* _About this exercise_: Wherever a picture appears, leave it out, and transcribe the rest of the records exactly.

* _Information shown_:
Start of Block
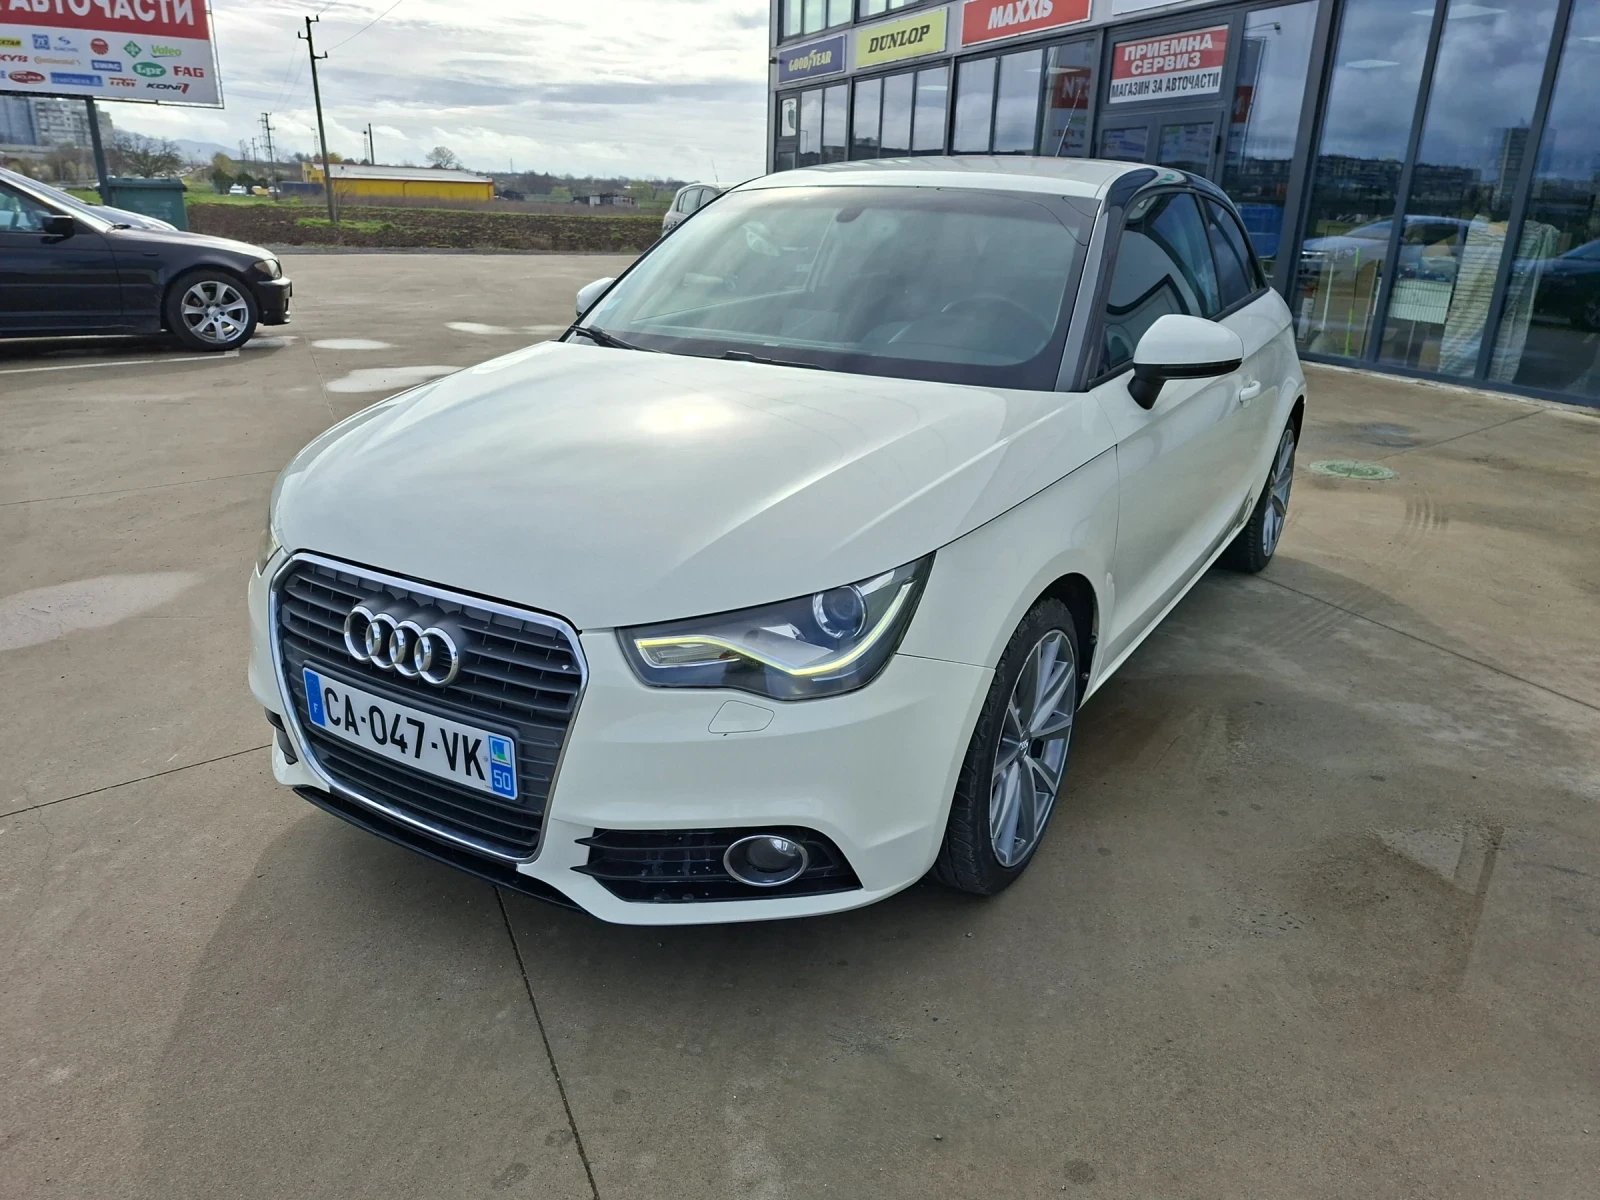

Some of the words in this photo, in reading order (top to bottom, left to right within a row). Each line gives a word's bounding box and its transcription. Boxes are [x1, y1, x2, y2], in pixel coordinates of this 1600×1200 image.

[987, 0, 1054, 30] MAXXIS
[868, 24, 931, 54] DUNLOP
[1124, 33, 1213, 61] ПРИЕМНА
[173, 66, 204, 78] FAG
[1130, 51, 1201, 75] СЕРВИЗ
[1110, 80, 1149, 98] МАГАЗИН
[1152, 79, 1163, 94] ЗА
[1165, 72, 1220, 92] АВТОЧАСТИ
[324, 687, 486, 781] CA-047-VK
[493, 769, 511, 791] 50
End of Block
* _Completed exercise_:
Some of the words in this photo, in reading order (top to bottom, left to right within a row). Each line gives a word's bounding box and its transcription. Boxes are [x1, y1, x2, y2], in pixel coordinates of this 1600×1200 image.

[987, 0, 1054, 30] MAXXIS
[868, 24, 931, 54] DUNLOP
[1124, 33, 1213, 61] ПРИЕМНА
[173, 66, 204, 78] FAG
[1130, 51, 1201, 75] СЕРВИЗ
[1110, 80, 1149, 98] МАГАЗИН
[1152, 79, 1163, 94] ЗА
[1165, 72, 1220, 92] АВТОЧАСТИ
[324, 687, 486, 781] CA-047-VK
[493, 769, 511, 791] 50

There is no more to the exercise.